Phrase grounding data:
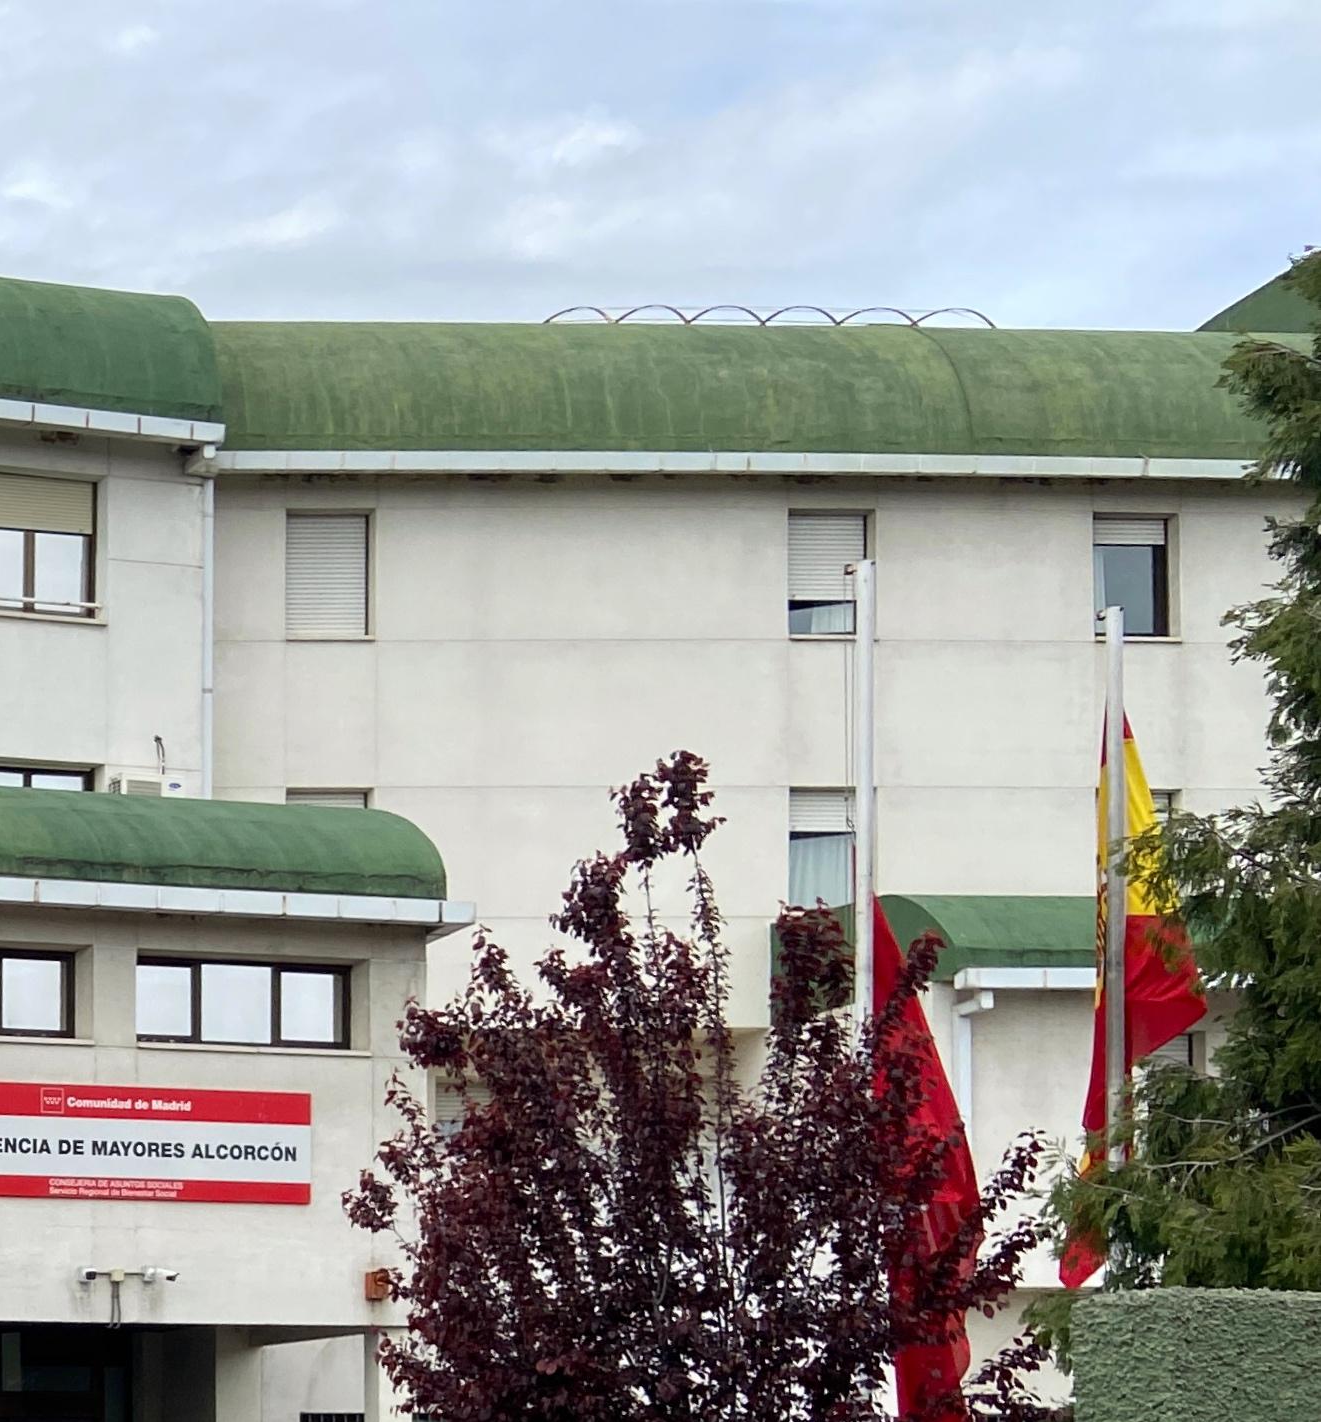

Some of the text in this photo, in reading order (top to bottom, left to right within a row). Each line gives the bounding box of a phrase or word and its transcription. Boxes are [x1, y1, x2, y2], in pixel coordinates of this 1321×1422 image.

[66, 1096, 192, 1112] Comunidad de Madrid
[58, 1139, 84, 1155] DE
[91, 1140, 185, 1158] MAYORES
[191, 1142, 297, 1162] ALCORCÓN
[97, 1179, 108, 1187] DE
[109, 1179, 145, 1189] ASUNTOS
[146, 1180, 184, 1190] SOCIALES
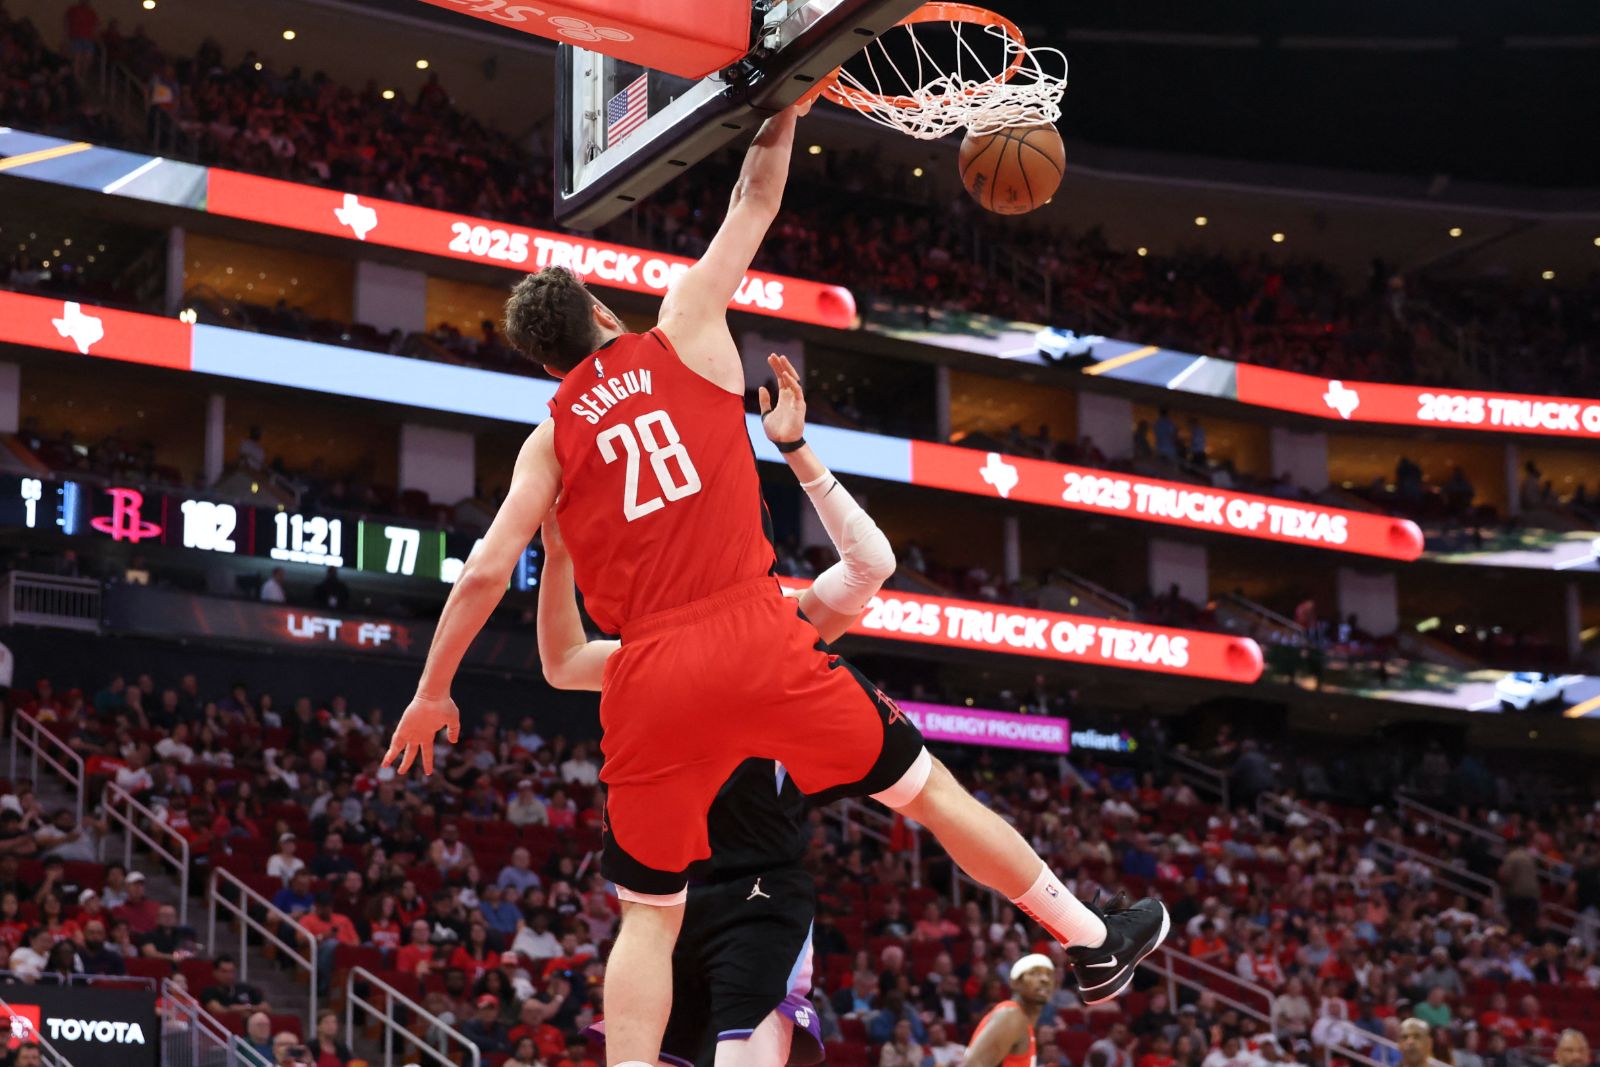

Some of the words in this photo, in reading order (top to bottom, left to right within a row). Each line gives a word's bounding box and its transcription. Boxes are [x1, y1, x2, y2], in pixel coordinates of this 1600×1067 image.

[449, 222, 529, 263] 2025
[534, 237, 641, 284] TRUCK
[730, 276, 784, 310] XAS
[571, 368, 653, 425] SENGUN
[1417, 393, 1485, 424] 2025
[1487, 398, 1581, 431] TRUCK
[1581, 405, 1600, 432] O
[596, 409, 702, 523] 28
[1062, 472, 1130, 510] 2025
[1133, 483, 1225, 525] TRUCK
[1226, 499, 1266, 530] OF
[1267, 505, 1348, 544] TEXAS
[274, 512, 342, 556] 11:21
[384, 526, 420, 576] 77
[287, 614, 342, 641] LIFT
[862, 596, 940, 636] 2025
[944, 606, 1049, 650] TRUCK
[1051, 621, 1096, 655] OF
[1098, 627, 1189, 668] TEXAS
[926, 713, 987, 737] ENERGY
[988, 719, 1063, 743] PROVIDER
[1071, 728, 1121, 751] reliant
[46, 1018, 146, 1044] TOYOTA

- THE PROBLEM -
Set down all of the entries exactly. Leave the pictures out.

- ANSWER AREA -
Some of the text in this photo, in reading order (top to bottom, left to right within a row). Each line gives the bounding box of a phrase or word and its transcription. Boxes are [x1, y1, x2, y2], in pixel coordinates of this 1321×1422 image.

[66, 1096, 192, 1112] Comunidad de Madrid
[58, 1139, 84, 1155] DE
[91, 1140, 185, 1158] MAYORES
[191, 1142, 297, 1162] ALCORCÓN
[97, 1179, 108, 1187] DE
[109, 1179, 145, 1189] ASUNTOS
[146, 1180, 184, 1190] SOCIALES

Some of the words in this photo, in reading order (top to bottom, left to right within a row). Each line gives a word's bounding box and its transcription. Boxes are [x1, y1, x2, y2], in pixel coordinates of this 1600×1067 image.

[449, 222, 529, 263] 2025
[534, 237, 641, 284] TRUCK
[730, 276, 784, 310] XAS
[571, 368, 653, 425] SENGUN
[1417, 393, 1485, 424] 2025
[1487, 398, 1581, 431] TRUCK
[1581, 405, 1600, 432] O
[596, 409, 702, 523] 28
[1062, 472, 1130, 510] 2025
[1133, 483, 1225, 525] TRUCK
[1226, 499, 1266, 530] OF
[1267, 505, 1348, 544] TEXAS
[274, 512, 342, 556] 11:21
[384, 526, 420, 576] 77
[287, 614, 342, 641] LIFT
[862, 596, 940, 636] 2025
[944, 606, 1049, 650] TRUCK
[1051, 621, 1096, 655] OF
[1098, 627, 1189, 668] TEXAS
[926, 713, 987, 737] ENERGY
[988, 719, 1063, 743] PROVIDER
[1071, 728, 1121, 751] reliant
[46, 1018, 146, 1044] TOYOTA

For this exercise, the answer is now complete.